12-11-2002 05:47 PM - edited 03-12-2019 09:55 PM
First attempt at configuring LLQ. Scenario is two buildings connect with a point to point T1. Main bldg has a Nortel PBX with their Reach Line Card and a Cisco 3640. Remote has a Nortel Remote Office 9150 and a Cisco 1751.
Nortel stuff uses Diffserv at 0x2E which is 46 which is EF I believe. It also uses port numbers 20480 and 20482. Signaling is done on tcp port 12800.

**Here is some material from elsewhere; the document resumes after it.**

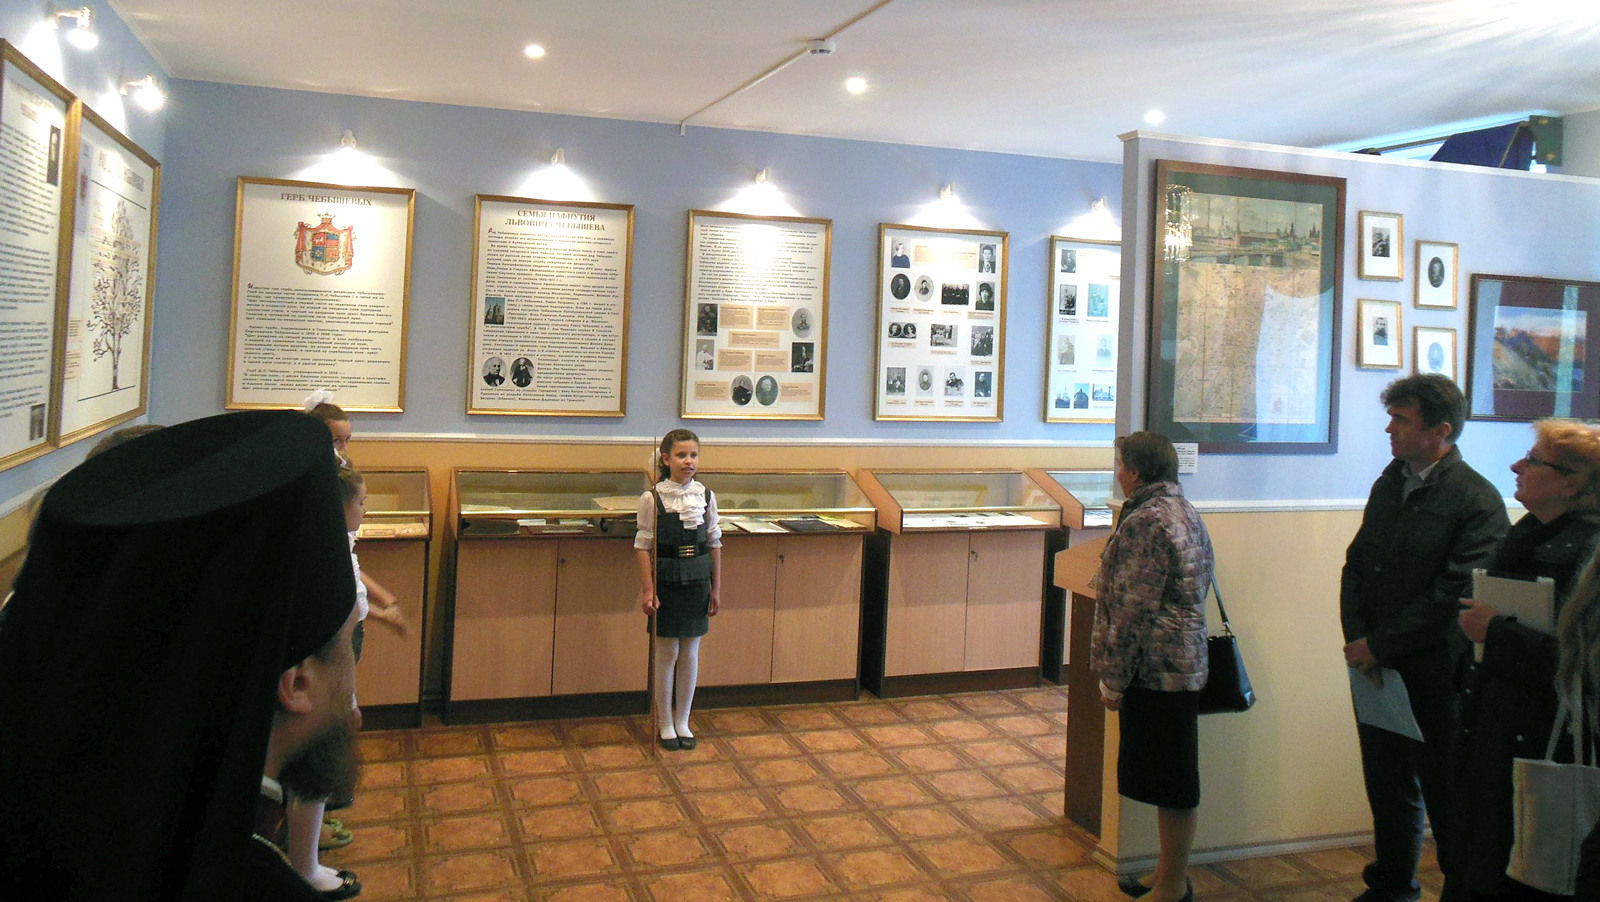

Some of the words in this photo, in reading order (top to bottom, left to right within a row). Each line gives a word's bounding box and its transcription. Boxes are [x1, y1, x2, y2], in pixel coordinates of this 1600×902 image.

[281, 193, 305, 201] ГЕРБ
[308, 194, 372, 206] ЧЕБЫШЕВЫХ
[517, 209, 546, 217] СЕМЬЯ
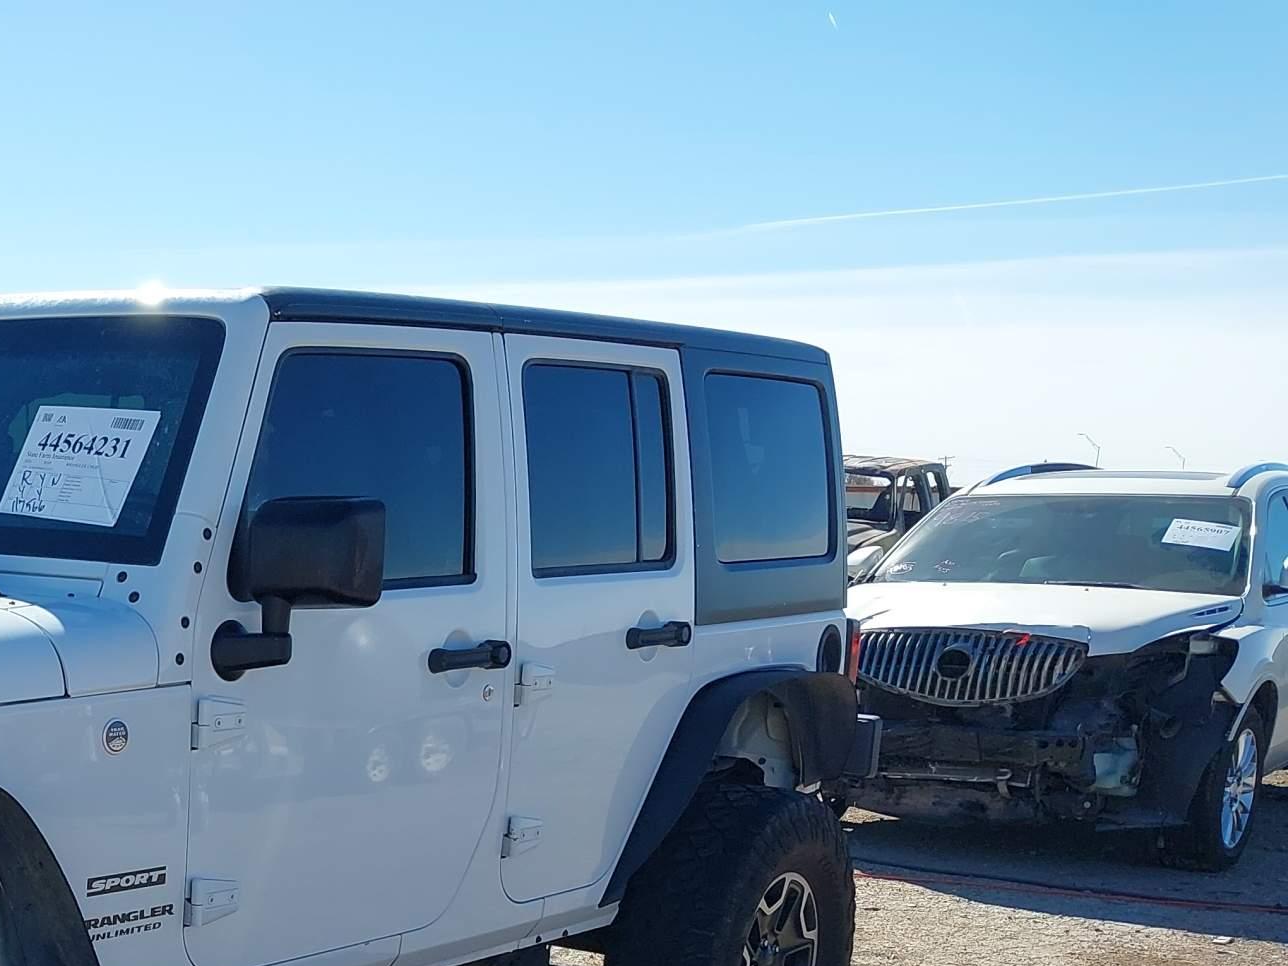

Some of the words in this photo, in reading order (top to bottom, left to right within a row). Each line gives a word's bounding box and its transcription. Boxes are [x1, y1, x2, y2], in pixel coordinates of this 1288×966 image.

My config plan on each router is:
class-map match-all voice_traffic
match access-group 101
class-map match-all voice_signal
match access-group 1012
access-list 101 permit ip any any dscp eq ef
access-list 102 permit tcp any any eq 12800
policy-map voice_policy
class voice_traffic
priority 768
class voice_signal
bandwidth 8
class class-default
fair queue 376
interface serial0/0
description ############
ip address x.x.x.x x.x.x.x
no cdp enable
service-policy output voice_policy
Am i on the right track ??
Thanks
D. Evans
12-12-2002 09:38 AM
You should be matching on DSCP in your class maps, rather than access-lists. Your config will be simplier, and at least with some versions of IOS it will not work using access-lists.
To verify functioning use the command " show policy-map interface s0/0".
12-17-2002 06:35 AM
Very good, thank you !
12-12-2002 10:19 AM
It looks good, but what about ports 20480 and 82? Do the Nortel cards only do proprietary signaling, or is there some protocol like h.323 running as well? Just in case, below is an access list that catches a lot of the standard voip signaling protocol ports.
The af31 should catch a lot of the control traffic because you should be marking it on the gateways, who knows, maybe Nortel marks it that way too. But if there is something that was overlooked or somethings that cannot mark with dscp, then the rest of the list should suffice to catch everything else. Rule 2 is SCCP signalling for Cisco ip phones. Rules 3 and 4 are MGCP signaling. Rules 5 and 6 are h.323 signaling, I think.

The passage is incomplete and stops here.